18 de maio de 2015

TROVA # 47

SÃO PAULO – HAVANA

 

"Mamãe, eu quero ir a Cuba

Quero ver a vida lá

La sueño una perla encendida

Sobre la marMamãe eu quero amar

A ilha de xangô e de yemanjá

Yorubá igual a bahia

Desde Célia Cruz

Cuando eu era un niño de jesus

E a revolução

Que também tocou meu coração

Cuba seja aqui

Essa ouvi dos lábios de peti

Desde o cha-cha-cha

Mamãe eu quero ir a Cuba

E quero voltar"

(Caetano Veloso - "Quero ir a Cuba")



Ao fazermos uma pesquisa bem rápida pela Internet em maio de 2015, descobrimos que uma passagem de voo saindo de São Paulo para Havana custaria cerca de 2000 reais. Isto porque (ainda?!) não existem voos diretos para a ilha de Che e Fidel. Uma das agruras de ser professor e aspirante a Doutorando é ter a constante impossibilidade de utilizar o cartão de crédito e fazer as malas em meados de maio, por isso, a única alternativa que nos sobra é quando artistas cubanos brindam o Brasil com a sua presença, o seu talento, seus sopros e a sua irresistível batucada.

Desde que li a biografia de Carmen Miranda tão bem escrita pelo Master Ruy Castro, na qual ele descreve como as lendárias orquestras cubanas seduziram os Estados Unidos, fiquei com vontade de conhecer Havana. Meu passaporte estava garantido para a noite do dia 16 de Maio de 2015, quando a Buena Vista Social Club, um dos grupos cubanos mais importantes do mundo, veio para uma turnê pelo Brasil. 


Para ver e ouvir ao vivo a orquestra que revelou para o planeta os talentos de Ibrahim Ferrer, Compay Segundo, Rubén González, Pío Leiva e a incomparável Omara Portuondo tocar boleros, salsas, tumbas e guajiras ao vivo, fizemos uma comemoração um tanto incomum para a tarde de sábado, enquanto esperávamos o show: a partir de uma postagem no Facebook, dissemos (jocosamente, em tom de pura brincadeira) de que iríamos para Cuba na noite daquele sábado.
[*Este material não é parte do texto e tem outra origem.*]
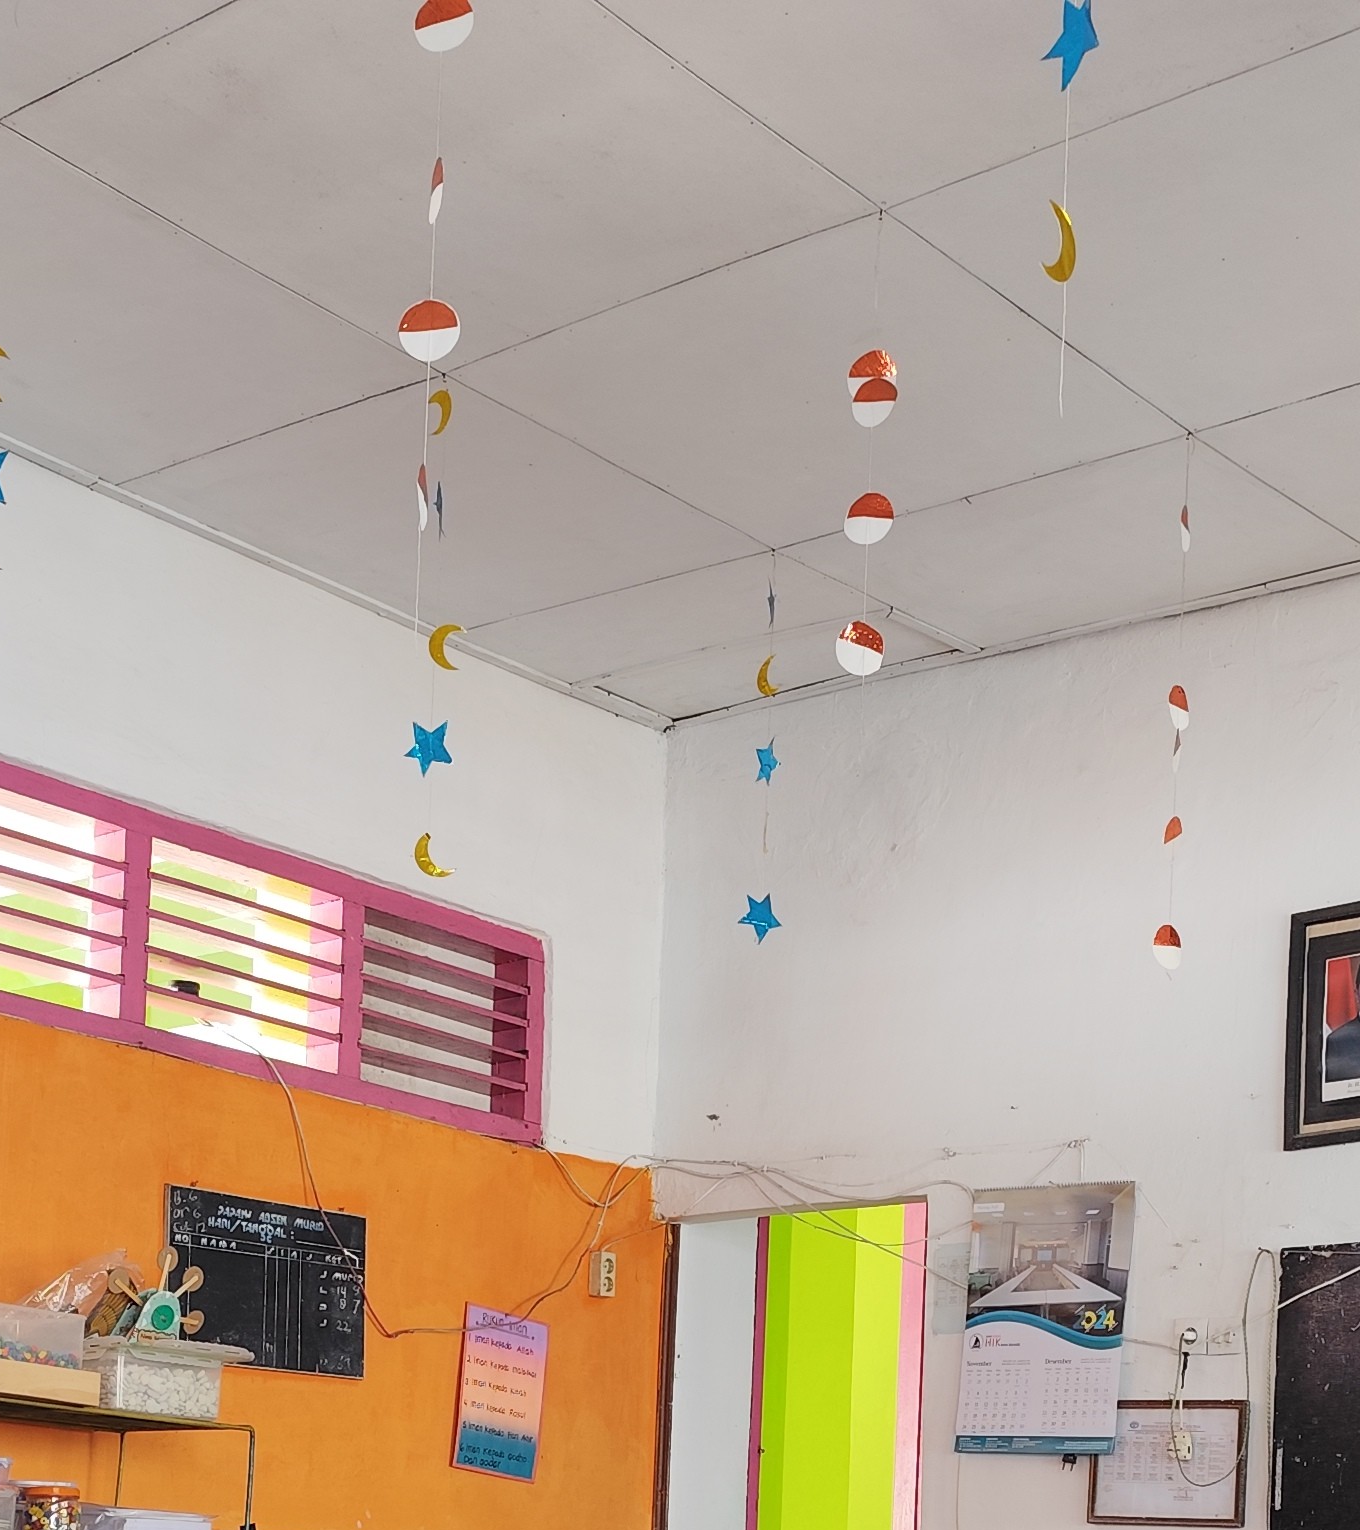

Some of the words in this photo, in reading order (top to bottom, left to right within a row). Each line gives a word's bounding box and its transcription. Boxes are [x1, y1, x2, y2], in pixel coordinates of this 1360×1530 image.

Só não mencionamos que, na verdade, foi La Isla Bonita que veio a nosotros.

A viagem para a Cuba levaria algumas horas, pois são vários os km que separam a Zona Leste do HSBC Brasil, local da apresentação da Buena Vista Social Club. O melhor de tudo era que não teríamos que enfrentar a chatice insuportável de terminais de embarque e desembarque de aeroportos internacionais, alfandegários insuportáveis, filas intermináveis, tampouco o sobe e desce insuportável dos voos (inter)nacionais - os que me conhecem um pouquinho sabem que eu detesto viagens de avião. No entanto, tínhamos pela frente a odisseia do trânsito de São Paulo, com suas marginais e suas pontes estaiadas, flanelinhas ousados e estacionamentos inflacionados, além do porre insuportável do público e do staff das casas de shows, locais onde o público está muito mais a fim de beber, comer, conversar ou fazer qualquer outra coisa que não seja curtir a música e os garçons pululam à sua frente com lanternas e máquinas de cartão de crédito desesperados para que o cliente pague a conta antes de abandonar o recinto.

A chatice se esvai quase completamente quando as luzes se apagam e o pianista da Buena Vista Social Club adentra o palco e dá início a um solo virtuoso e arrepiante, digno de um Herbie Hancock, de Horace Silver ou de um Chucho Valdés. Logo depois, os demais músicos entram no palco e dão continuidade ao recital de quase duas horas de duração de muita batucada, sopros, romantismo e muita emoção. Alguns dos integrantes remanescentes do grupo que foi eternizado pelas lentes cinematográficas de Wim Wenders continuam na ativa, enquanto jovens músicos agregam o melhor de seus talentos para uma das melhores bandas do mundo.


O ápice do show é quando é anunciada a entrada de Omara Portuondo, belíssima e encantadora no alto de seus 84 anos de idade, cantando em tons agudos como pouquíssimas cantoras conseguiriam. Dotada de uma energia e de um carisma contagiantes, Dona Omara arrancou gritos e aplausos entusiasmadíssimos, dignos de uma Pop Star adolescente. Sua conclamação para que o público batesse palmas e cantasse junto com ela era tamanha, que, várias pessoas resolveram se levantar de seus assentos e dançar com seus pares ou sozinhos, embalados pelo som e pela batucada cubana.




Em menos de duas horas, São Paulo já era Havana, Havana já era São Paulo. Findo o show, tudo o que tínhamos que fazer era juntar o que restou de nossas energias, abandonar o sonho musical de romantismo e sons exuberantes e retornar às nossas rotinas de sons urbanos, com sabor de concreto.